WHAT THE TASK ASKS:
Repeat each line of the data below exactly, but skip the pictures.

AVAILABLE RECORDS:
^^^^^^^^
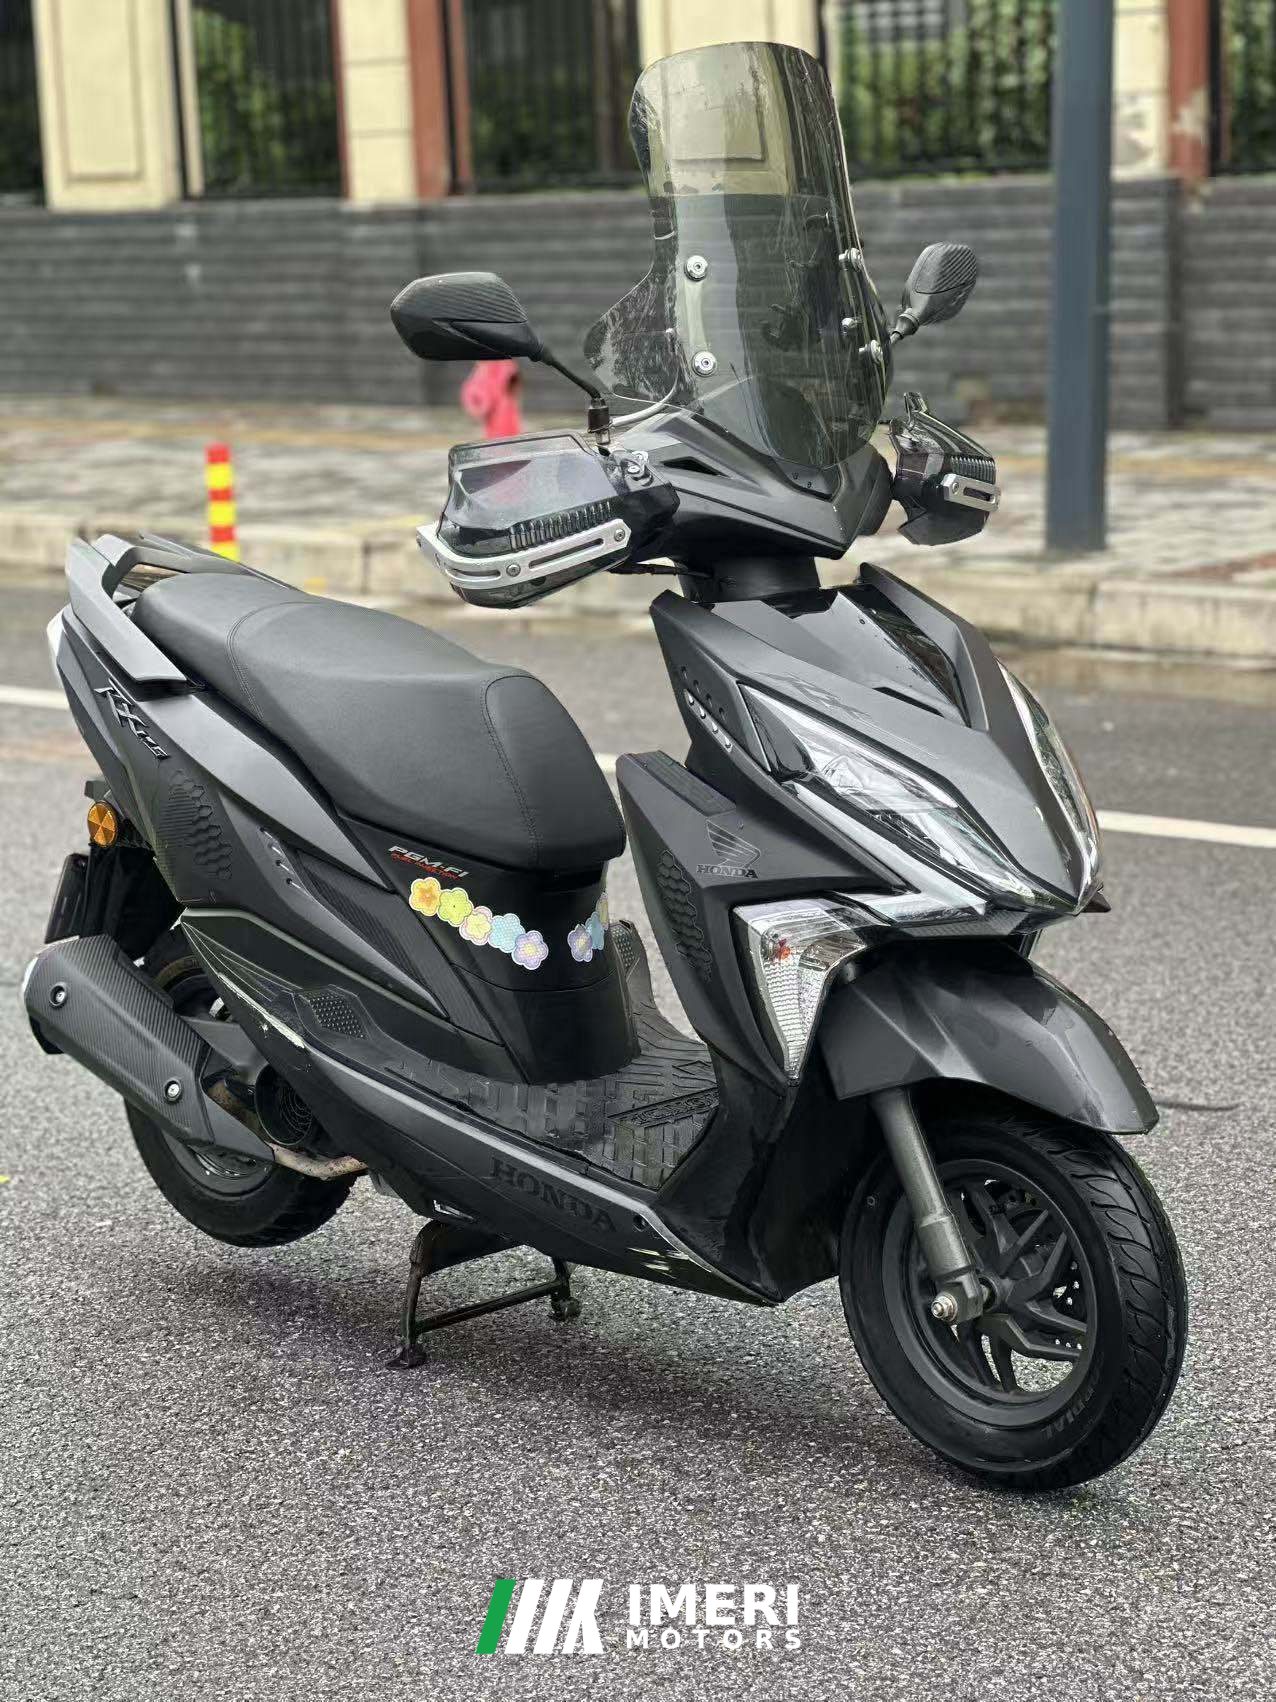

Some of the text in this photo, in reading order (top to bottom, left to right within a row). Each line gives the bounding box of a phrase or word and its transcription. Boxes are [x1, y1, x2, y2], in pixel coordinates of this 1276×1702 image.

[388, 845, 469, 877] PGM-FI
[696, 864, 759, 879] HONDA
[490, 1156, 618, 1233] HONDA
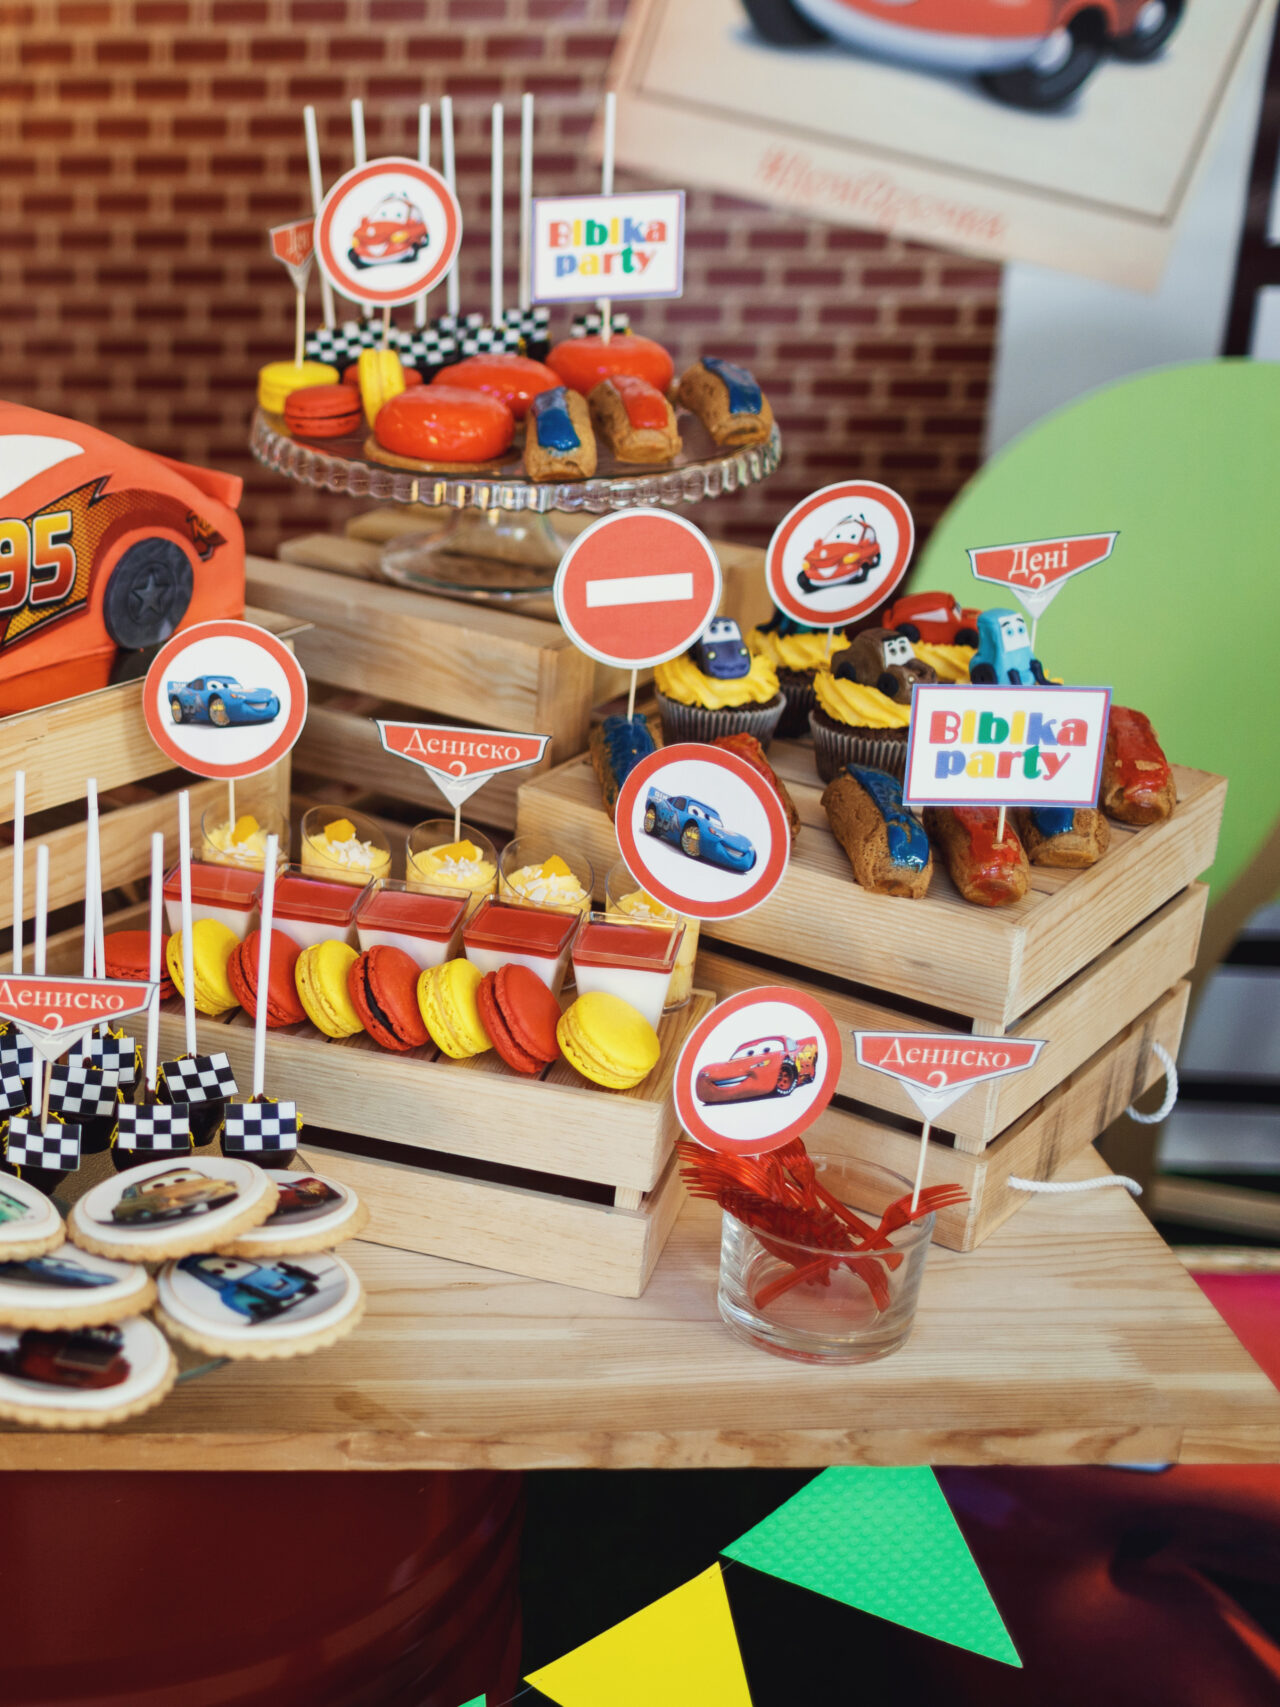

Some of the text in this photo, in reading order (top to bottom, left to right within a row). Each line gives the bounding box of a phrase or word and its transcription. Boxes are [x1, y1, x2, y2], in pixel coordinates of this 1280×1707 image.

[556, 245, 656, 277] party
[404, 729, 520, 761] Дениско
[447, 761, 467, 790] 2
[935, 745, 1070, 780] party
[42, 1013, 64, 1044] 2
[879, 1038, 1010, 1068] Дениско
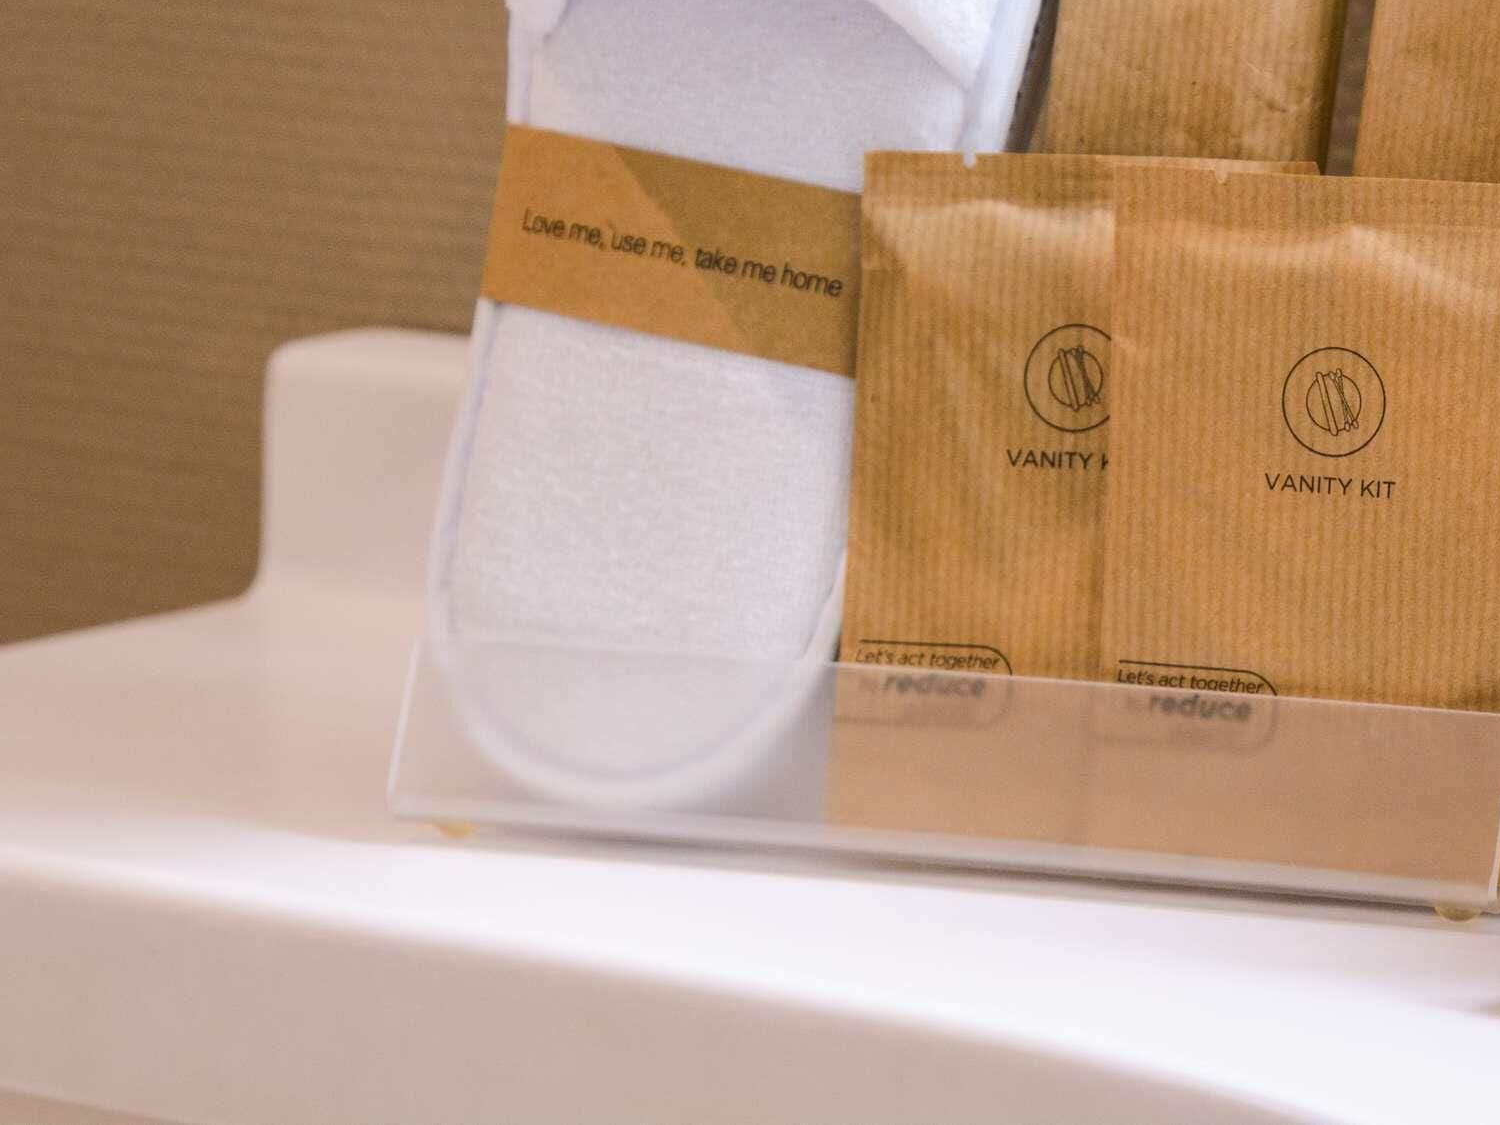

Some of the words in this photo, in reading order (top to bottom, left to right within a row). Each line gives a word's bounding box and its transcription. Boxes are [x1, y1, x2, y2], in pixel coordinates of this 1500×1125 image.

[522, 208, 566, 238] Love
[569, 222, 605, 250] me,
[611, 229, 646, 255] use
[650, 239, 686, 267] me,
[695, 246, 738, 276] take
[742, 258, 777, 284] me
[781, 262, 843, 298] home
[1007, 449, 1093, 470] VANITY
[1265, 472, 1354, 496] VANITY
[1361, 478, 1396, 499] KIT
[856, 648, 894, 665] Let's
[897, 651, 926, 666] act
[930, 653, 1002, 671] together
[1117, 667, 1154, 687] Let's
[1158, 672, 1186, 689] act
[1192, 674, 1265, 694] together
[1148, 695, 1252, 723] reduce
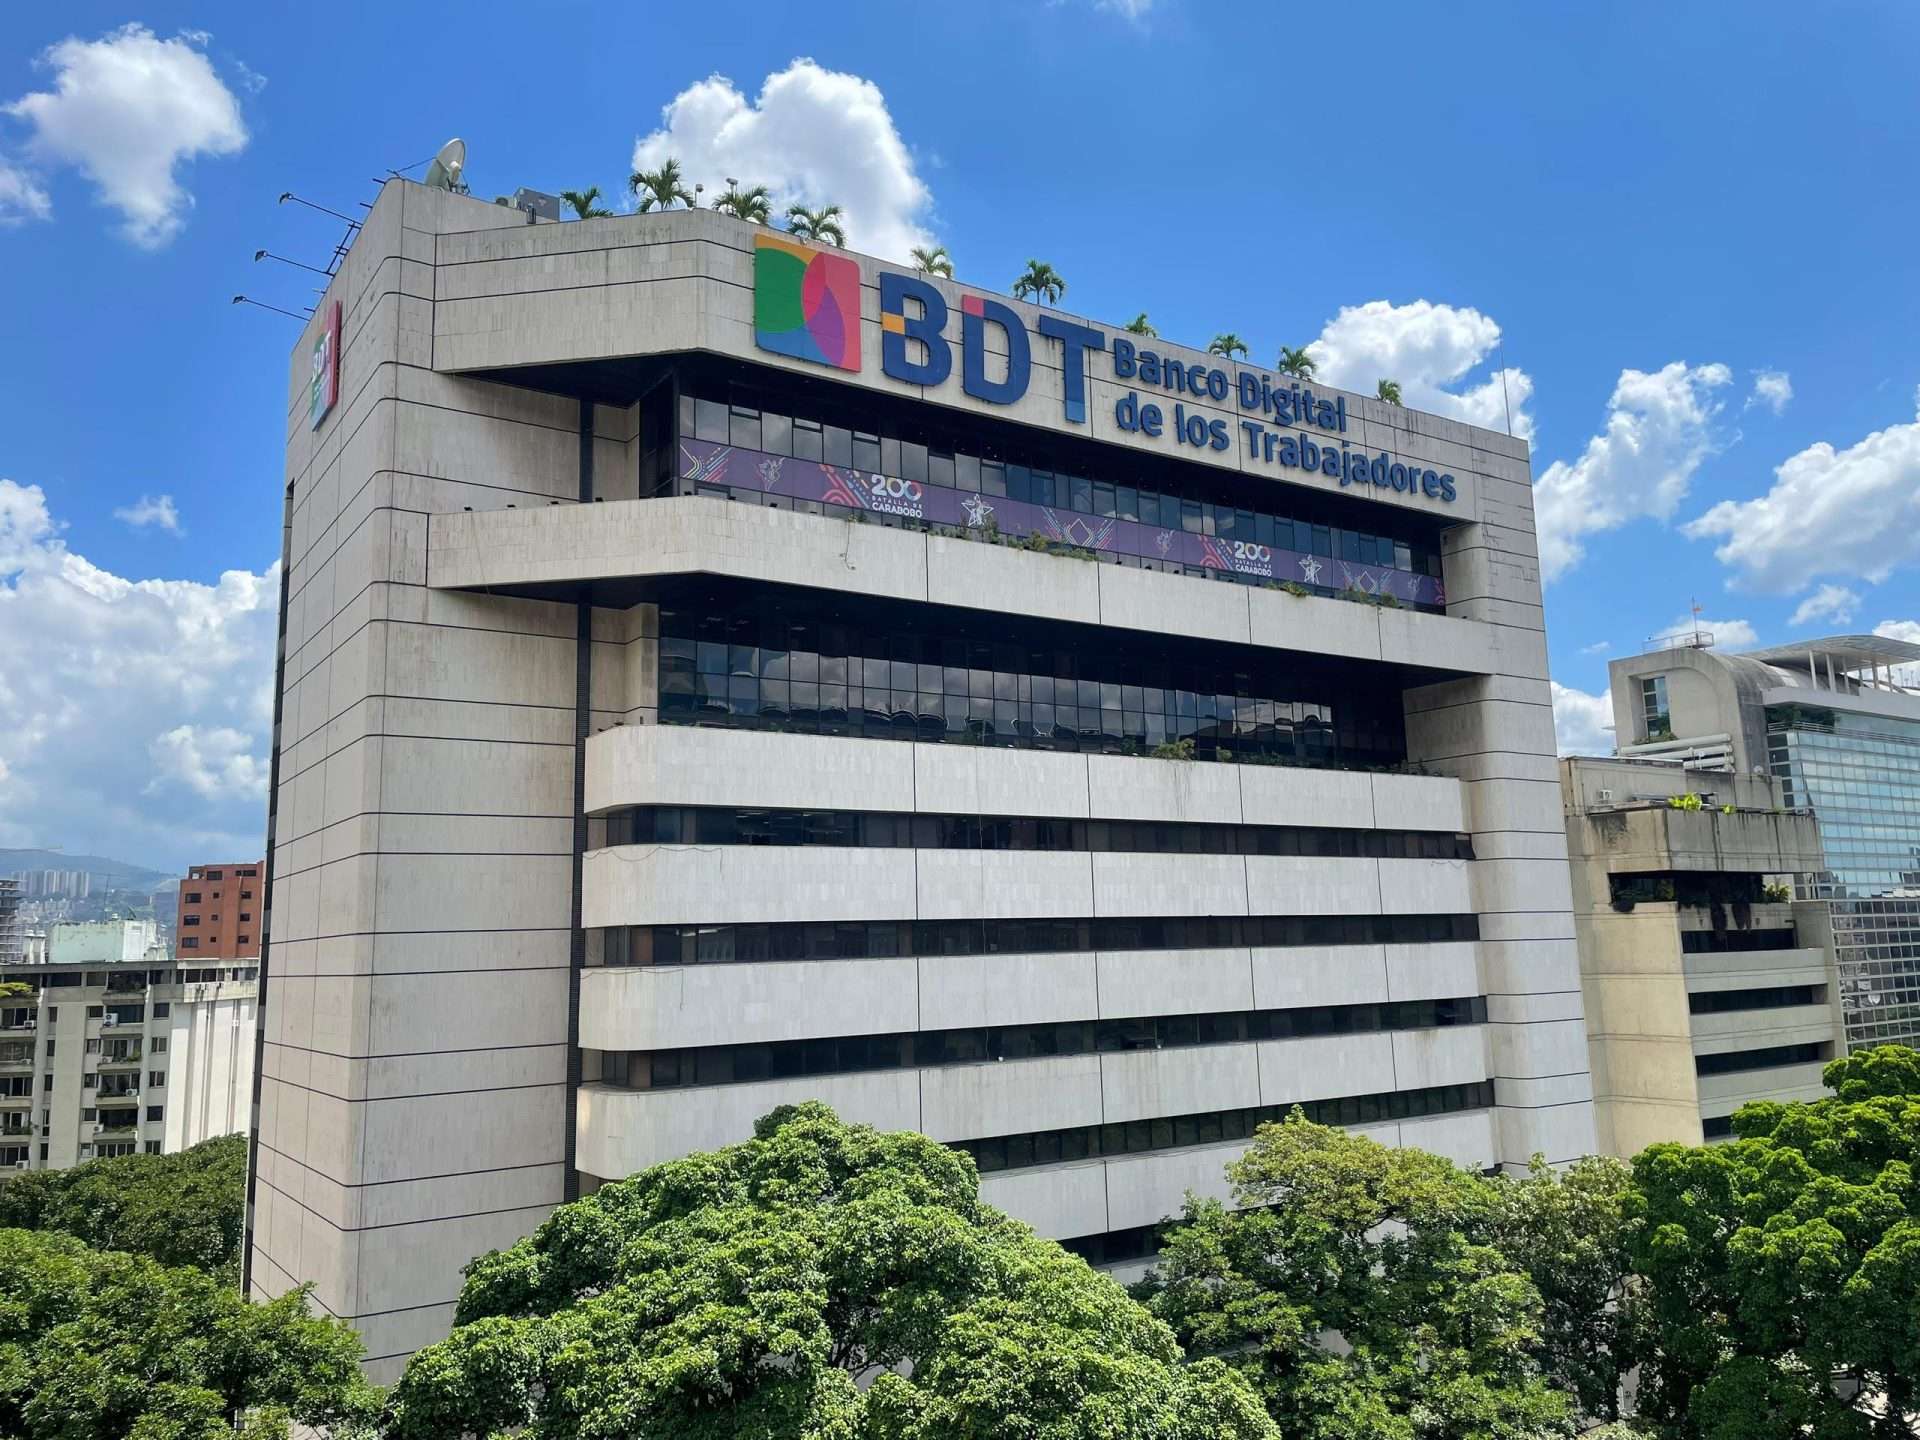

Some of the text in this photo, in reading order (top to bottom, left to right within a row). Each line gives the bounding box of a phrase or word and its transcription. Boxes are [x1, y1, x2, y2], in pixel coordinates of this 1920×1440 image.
^^^^^^^^
RESPONSE TO THE TASK:
Some of the text in this photo, in reading order (top to bottom, left to right within a row). Each line gives the bounding box of a phrase or word and its transcription. Boxes are [x1, y1, x2, y2], in pixel coordinates of this 1276×1702 image.

[388, 845, 469, 877] PGM-FI
[696, 864, 759, 879] HONDA
[490, 1156, 618, 1233] HONDA

Some of the text in this photo, in reading order (top to bottom, left to right within a row). Each line gives the bounding box of a phrase or word and its transcription. Boxes are [x1, y1, x2, y2], in pixel coordinates of this 1280×1707 image.

[556, 245, 656, 277] party
[404, 729, 520, 761] Дениско
[447, 761, 467, 790] 2
[935, 745, 1070, 780] party
[42, 1013, 64, 1044] 2
[879, 1038, 1010, 1068] Дениско

Some of the words in this photo, in reading order (top to bottom, left to right within a row). Each line gives a word's bounding box and its transcription. Boxes are [x1, y1, x2, y2], in pixel coordinates of this 1500×1125 image.

[522, 208, 566, 238] Love
[569, 222, 605, 250] me,
[611, 229, 646, 255] use
[650, 239, 686, 267] me,
[695, 246, 738, 276] take
[742, 258, 777, 284] me
[781, 262, 843, 298] home
[1007, 449, 1093, 470] VANITY
[1265, 472, 1354, 496] VANITY
[1361, 478, 1396, 499] KIT
[856, 648, 894, 665] Let's
[897, 651, 926, 666] act
[930, 653, 1002, 671] together
[1117, 667, 1154, 687] Let's
[1158, 672, 1186, 689] act
[1192, 674, 1265, 694] together
[1148, 695, 1252, 723] reduce

Some of the text in this photo, in reading order (top to bottom, left to right within a row). Each line gives the bounding box of a phrase or word and its transcription. Boxes are [x1, y1, x2, y2], in pixel coordinates of this 1920×1440 image.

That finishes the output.